HTTP payload character encoding requires odd workaround

Found a bug in EventGhost? Report it here.

HTTP payload character encoding requires odd workaround

Postby davidmark » Tue Nov 15, 2016 11:11 pm

Have long had a problem with Unicode strings passed from the Web server plugin. When I passed a Unicode string (e.g. u'Señor') to an event from a Python code module, all was well; but when the same event received its payload via HTTP, could see in the log that it was a different Unicode string with some sort of odd encoding (middle character was replaced with with two numeric escape sequences). After extensive experimentation and searching around I found that this fixed it:

text.encode("windows-1252").decode("utf-8")

...and the A with the hat character in this example somewhat matched what I saw when trying to display the string without these two extra calls: Señor

http://stackoverflow.com/questions/1311 ... -in-python

I'm no Python expert by any stretch, but this seems like a hard way to go. I would expect to see u'Señor' in the payload on HTTP events and not have to pass the result through the above two methods. Worst case scenario should be calling the second decode; having to call both seems to indicate a bug. Perhaps not, but expect it would be good to document this (or at least explain it here).
davidmark
Experienced User
 
Posts: 85
Joined: Thu Jan 01, 2015 5:25 pm

Re: HTTP payload character encoding requires odd workaround

Postby kgschlosser » Wed Nov 16, 2016 2:57 am

did you happen to simply try wrapping the utf-8 encoded Unicode string in str().
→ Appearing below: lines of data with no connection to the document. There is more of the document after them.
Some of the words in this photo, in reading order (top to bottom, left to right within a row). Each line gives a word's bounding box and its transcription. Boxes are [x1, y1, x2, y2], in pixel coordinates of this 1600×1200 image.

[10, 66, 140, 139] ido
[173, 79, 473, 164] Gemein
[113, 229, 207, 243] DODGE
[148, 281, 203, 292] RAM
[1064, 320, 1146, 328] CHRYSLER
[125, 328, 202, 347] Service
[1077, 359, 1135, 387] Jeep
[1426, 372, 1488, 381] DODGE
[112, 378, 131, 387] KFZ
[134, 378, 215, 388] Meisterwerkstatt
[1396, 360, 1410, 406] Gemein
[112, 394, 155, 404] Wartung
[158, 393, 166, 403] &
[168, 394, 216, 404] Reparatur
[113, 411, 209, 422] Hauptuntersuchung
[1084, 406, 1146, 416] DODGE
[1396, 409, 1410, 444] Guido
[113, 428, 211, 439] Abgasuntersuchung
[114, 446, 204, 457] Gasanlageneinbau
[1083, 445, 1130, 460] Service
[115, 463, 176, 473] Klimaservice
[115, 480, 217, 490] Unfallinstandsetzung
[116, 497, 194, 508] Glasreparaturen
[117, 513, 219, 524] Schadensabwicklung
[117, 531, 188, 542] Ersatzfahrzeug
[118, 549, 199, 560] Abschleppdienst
and Unicode is a bear to deal with because there is only 255 characters available to the standard ascii set. and other languages have special characters. i don't understand why you are encoding and then decoding. you should be able to just decode it. or encode it. i can never remember what is what... but i think that encoding means it makes a str() and decoding makes a unicode(). but if you know the language you should be able to use just one. like ('latin-1"). i don't know a lick of how all this encoding and decoding stuff works. and i am trying to learn it but there are so many different examples and articles on this. and a lot of them contradict each other.
A loved one and Time, The 2 things that can never be replaced.

Family, The only thing you don't get to choose in life.
User avatar
kgschlosser
Site Admin
 
Posts: 1368
Joined: Fri Jun 05, 2015 5:43 am
Location: Rocky Mountains, Colorado USA

Re: HTTP payload character encoding requires odd workaround

Postby davidmark » Wed Nov 16, 2016 9:25 am

kgschlosser wrote:did you happen to simply try wrapping the utf-8 encoded Unicode string in str().


and Unicode is a bear to deal with because there is only 255 characters available to the standard ascii set. and other languages have special characters. i don't understand why you are encoding and then decoding. you should be able to just decode it. or encode it. i can never remember what is what... but i think that encoding means it makes a str() and decoding makes a unicode(). but if you know the language you should be able to use just one. like ('latin-1"). i don't know a lick of how all this encoding and decoding stuff works. and i am trying to learn it but there are so many different examples and articles on this. and a lot of them contradict each other.


Tried everything. Nothing worked except the snippet I posted. Best clue is in the log as passing u'Señor' works fine and displays as:

u'Se\xf1or'

...But the payload for the HTTP event shows:

u'Se\xc2\xb1or'

...This seems to indicate a mixup between UTF-8 and Windows-1252.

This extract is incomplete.